■ Exercise instructions ■
All of the entries must be output exactly as they are.

[Phrase grounding data]
——

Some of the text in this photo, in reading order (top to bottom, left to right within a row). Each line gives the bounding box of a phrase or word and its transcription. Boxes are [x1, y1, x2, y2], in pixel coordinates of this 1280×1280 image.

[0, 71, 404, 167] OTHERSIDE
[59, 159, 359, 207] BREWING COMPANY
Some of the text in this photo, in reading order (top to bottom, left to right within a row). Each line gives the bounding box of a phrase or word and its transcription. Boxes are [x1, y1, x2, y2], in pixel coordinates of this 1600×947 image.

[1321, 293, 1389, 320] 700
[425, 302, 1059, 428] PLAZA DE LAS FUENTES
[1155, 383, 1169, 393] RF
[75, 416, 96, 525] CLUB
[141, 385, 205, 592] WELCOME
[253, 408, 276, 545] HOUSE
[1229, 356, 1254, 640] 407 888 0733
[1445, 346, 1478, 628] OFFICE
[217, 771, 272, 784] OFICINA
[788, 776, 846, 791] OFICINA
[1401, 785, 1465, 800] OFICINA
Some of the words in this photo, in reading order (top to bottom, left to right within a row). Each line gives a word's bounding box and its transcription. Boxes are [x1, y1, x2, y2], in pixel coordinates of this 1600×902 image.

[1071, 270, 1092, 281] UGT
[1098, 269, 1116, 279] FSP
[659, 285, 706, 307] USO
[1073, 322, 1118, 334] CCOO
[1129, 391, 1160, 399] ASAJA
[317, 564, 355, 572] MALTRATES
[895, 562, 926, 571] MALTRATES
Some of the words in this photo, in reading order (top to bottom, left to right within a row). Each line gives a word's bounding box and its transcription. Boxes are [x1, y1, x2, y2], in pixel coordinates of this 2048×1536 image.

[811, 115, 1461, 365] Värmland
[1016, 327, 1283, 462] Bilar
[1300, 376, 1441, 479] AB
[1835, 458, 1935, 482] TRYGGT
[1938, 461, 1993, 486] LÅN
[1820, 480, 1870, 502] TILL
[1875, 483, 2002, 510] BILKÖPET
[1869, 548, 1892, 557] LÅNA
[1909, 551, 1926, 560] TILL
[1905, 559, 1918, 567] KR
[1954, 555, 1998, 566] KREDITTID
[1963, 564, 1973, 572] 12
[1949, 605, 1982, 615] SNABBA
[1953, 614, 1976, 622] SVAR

——

■ Your response ■
Some of the text in this photo, in reading order (top to bottom, left to right within a row). Each line gives the bounding box of a phrase or word and its transcription. Boxes are [x1, y1, x2, y2], in pixel coordinates of this 1280×1280 image.

[0, 71, 404, 167] OTHERSIDE
[59, 159, 359, 207] BREWING COMPANY
Some of the text in this photo, in reading order (top to bottom, left to right within a row). Each line gives the bounding box of a phrase or word and its transcription. Boxes are [x1, y1, x2, y2], in pixel coordinates of this 1600×947 image.

[1321, 293, 1389, 320] 700
[425, 302, 1059, 428] PLAZA DE LAS FUENTES
[1155, 383, 1169, 393] RF
[75, 416, 96, 525] CLUB
[141, 385, 205, 592] WELCOME
[253, 408, 276, 545] HOUSE
[1229, 356, 1254, 640] 407 888 0733
[1445, 346, 1478, 628] OFFICE
[217, 771, 272, 784] OFICINA
[788, 776, 846, 791] OFICINA
[1401, 785, 1465, 800] OFICINA
Some of the words in this photo, in reading order (top to bottom, left to right within a row). Each line gives a word's bounding box and its transcription. Boxes are [x1, y1, x2, y2], in pixel coordinates of this 1600×902 image.

[1071, 270, 1092, 281] UGT
[1098, 269, 1116, 279] FSP
[659, 285, 706, 307] USO
[1073, 322, 1118, 334] CCOO
[1129, 391, 1160, 399] ASAJA
[317, 564, 355, 572] MALTRATES
[895, 562, 926, 571] MALTRATES
Some of the words in this photo, in reading order (top to bottom, left to right within a row). Each line gives a word's bounding box and its transcription. Boxes are [x1, y1, x2, y2], in pixel coordinates of this 2048×1536 image.

[811, 115, 1461, 365] Värmland
[1016, 327, 1283, 462] Bilar
[1300, 376, 1441, 479] AB
[1835, 458, 1935, 482] TRYGGT
[1938, 461, 1993, 486] LÅN
[1820, 480, 1870, 502] TILL
[1875, 483, 2002, 510] BILKÖPET
[1869, 548, 1892, 557] LÅNA
[1909, 551, 1926, 560] TILL
[1905, 559, 1918, 567] KR
[1954, 555, 1998, 566] KREDITTID
[1963, 564, 1973, 572] 12
[1949, 605, 1982, 615] SNABBA
[1953, 614, 1976, 622] SVAR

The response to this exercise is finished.